Deputado Afrânio Boppré

66ª Sessão Ordinária - 01/08/2006

O SR. DEPUTADO AFRÂNIO BOPPRÉ - Sr. presidente e srs. deputados, eu vou voltar ao assunto, na polêmica sadia que apresentou o deputado Onofre Santo Agostini, porque quero deixar claro que neste momento estamos discutindo um tema: o chamado Projeto de Lei n. 0182.

Eu confesso a vocês, e falo aqui de coração aberto, que aqui desta tribuna, em janeiro de 2003, com estas galerias vazias, a Assembléia Legislativa foi convocada extraordinariamente, como eu falei, para apreciar 11 projetos importantíssimos em apenas 15 dias. Um pacotão! Em apenas 15 dias, nós tivemos tempo para apreciar todas essas matérias. Foi acelerado.

Eu falo de coração aberto para vocês que eu me esgoelei, falei, gritei que nós não podíamos aprovar essa matéria, que isso era um cheque em branco para o governador Luiz Henrique da Silveira, que veio à Assembléia e contou com apoio, porque a matéria foi aprovada! A matéria teve maioria e, portanto, houve aqueles que concordaram. Aonde ia bater, eu já falei que nós, na época, não sabíamos. Se na porta primeira da privatização, da terceirização, da precarização do serviço público, se ia ser no hospital dos servidores, na Udesc, na Escola Ivo Silveira, na Palhoça. Enfim, ninguém sabia. Mas nós sabíamos que a política que estava sendo aprovada era perversa e contra o serviço público. Então, foi por isso que nós nos manifestamos.

E quando nasceu a proposta do contrato do governo do estado com a Fahece para transformar a gestão do Hemosc e do Cepon em organização social, eu tomei uma atitude: entrei com uma proposta de sustação de ato, que era sustar o ato administrativo do Executivo - porque aqui na Assembléia Legislativa nós podemos sustar, nós temos poder para fazer isso. E assim fizemos, a proposta tramitou e aí conseguimos, com a mobilização de vocês, com as lideranças de vocês que estão aqui praticamente acampadas dentro da Assembléia Legislativa... E vocês sabem da importância do trabalho das lideranças de vocês, que encamparam essa luta e têm responsabilidade não só com os servidores, com os trabalhadores do Hemosc e do Cepon, pois estão sempre acompanhadas de pacientes, de pais, de mães que também estão diretamente interessados em toda essa problemática.

Então, quando nós fizemos a crítica, nós criticamos a tese, a idéia, a doutrina ideológica do governador Luiz Henrique da Silveira, que aceita passar qualquer órgão do governo na área de saúde e de educação para uma organização social.

Bem, mas diz a lei que se essa entidade não tiver um prédio, não faz mal, pois ela pode ficar com o edifício do governo do estado. Se essa entidade, se essa organização social, não tiver orçamento, não tiver dinheiro, não tem problema, pois, diz o governador: "Nós podemos passar o dinheiro público para essa entidade; se ela não tiver funcionário para tocar o dia-a-dia, não tem problema, pois nós podemos passar os funcionários para essa entidade".

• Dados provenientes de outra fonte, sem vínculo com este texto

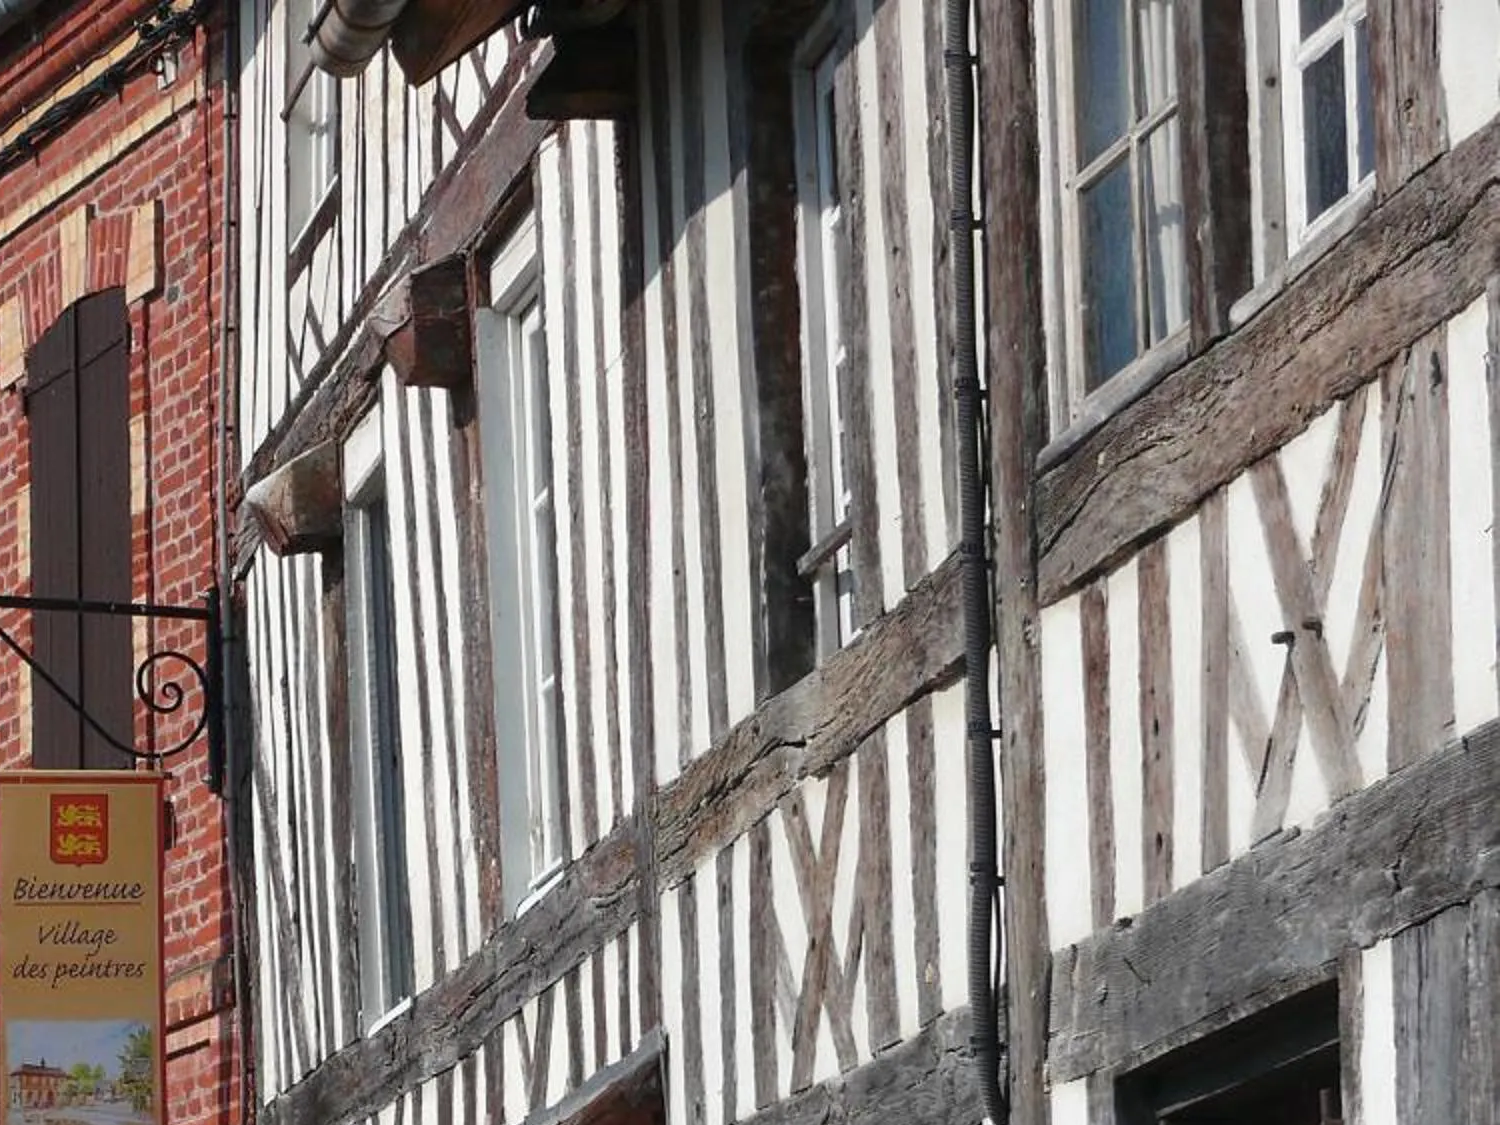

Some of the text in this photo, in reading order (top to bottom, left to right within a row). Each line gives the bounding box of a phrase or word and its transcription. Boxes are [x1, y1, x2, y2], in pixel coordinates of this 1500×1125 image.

[13, 876, 145, 900] Bienvenue
[38, 920, 118, 958] Village
[12, 954, 146, 989] des peintres

Então, com funcionário público, com dinheiro público, com prédio público, para que organização social?!

(Manifestações das galerias)

Tem que ser organização pública! É essa a tese da precarização, da privatização que nós criticamos há três anos, e agora estamos corrigindo parcialmente, graças à mobilização de todos vocês.

Muito obrigado!

(Manifestações das galerias)

(SEM REVISÃO DO ORADOR)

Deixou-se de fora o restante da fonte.